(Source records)

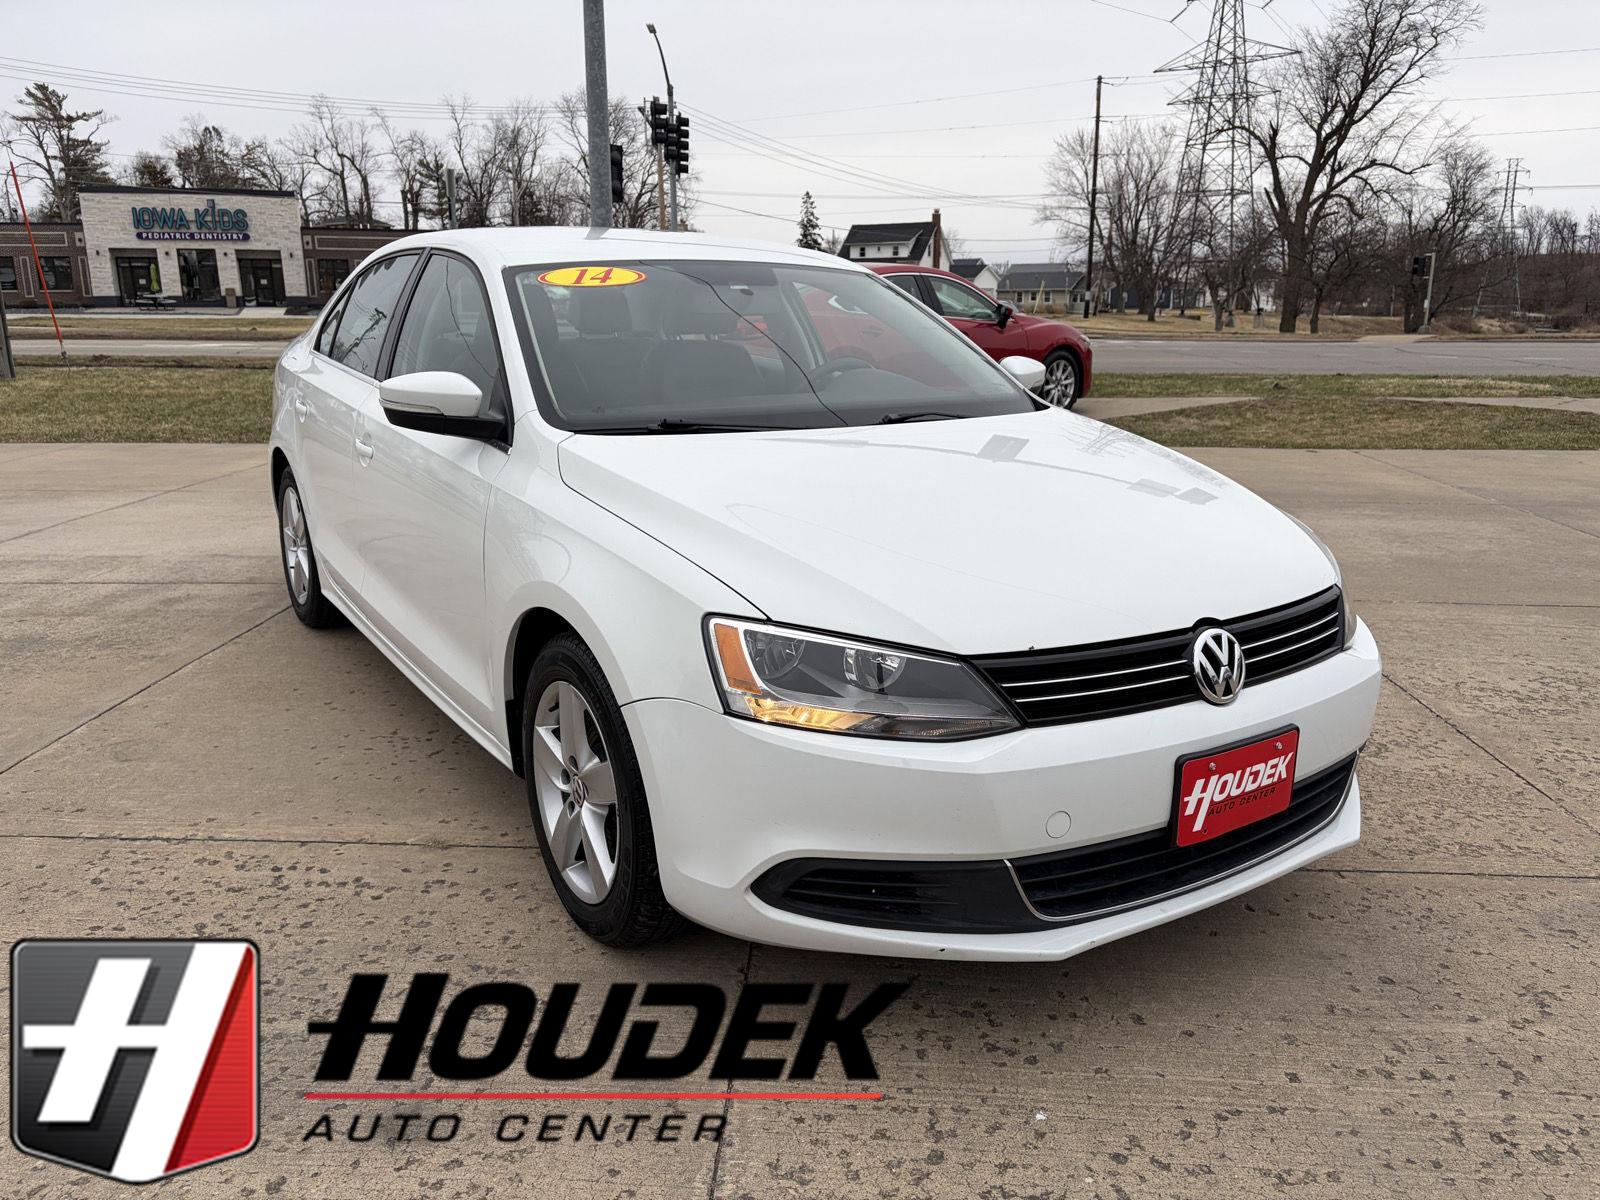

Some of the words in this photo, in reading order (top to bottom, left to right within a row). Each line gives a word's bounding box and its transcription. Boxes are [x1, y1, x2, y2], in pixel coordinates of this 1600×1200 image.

[131, 206, 190, 230] IOWA
[142, 231, 191, 240] PEDIATRIC
[194, 232, 244, 241] DENTISTRY
[572, 267, 614, 285] 14
[1183, 751, 1294, 832] HOUDEK
[1208, 801, 1237, 817] AUTO
[1239, 786, 1277, 806] CENTER
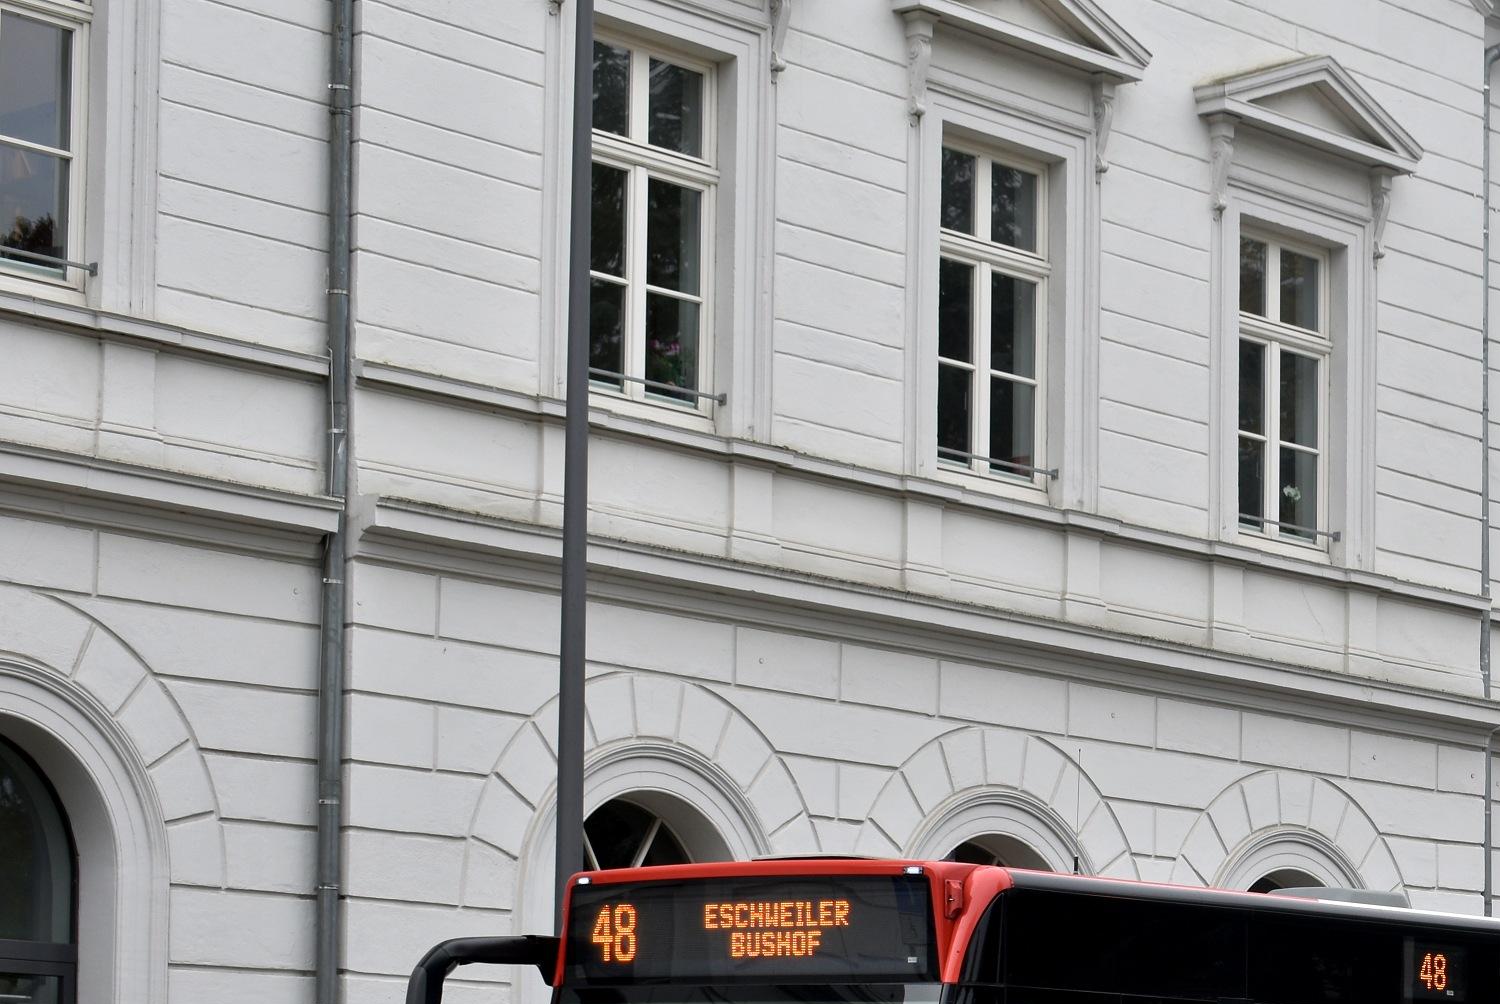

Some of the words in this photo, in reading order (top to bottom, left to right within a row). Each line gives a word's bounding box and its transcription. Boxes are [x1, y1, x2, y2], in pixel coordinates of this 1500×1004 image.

[705, 900, 849, 929] ESCHWEILER
[592, 903, 637, 962] 48
[731, 931, 821, 958] BUSHOF
[1421, 953, 1446, 990] 48

Task details → Repeat exactly, and only, the lines of the records above, starting with the line that contains "this 1500×1004 image." and ending with the final line, both included.

Expected answer →
Some of the words in this photo, in reading order (top to bottom, left to right within a row). Each line gives a word's bounding box and its transcription. Boxes are [x1, y1, x2, y2], in pixel coordinates of this 1500×1004 image.

[705, 900, 849, 929] ESCHWEILER
[592, 903, 637, 962] 48
[731, 931, 821, 958] BUSHOF
[1421, 953, 1446, 990] 48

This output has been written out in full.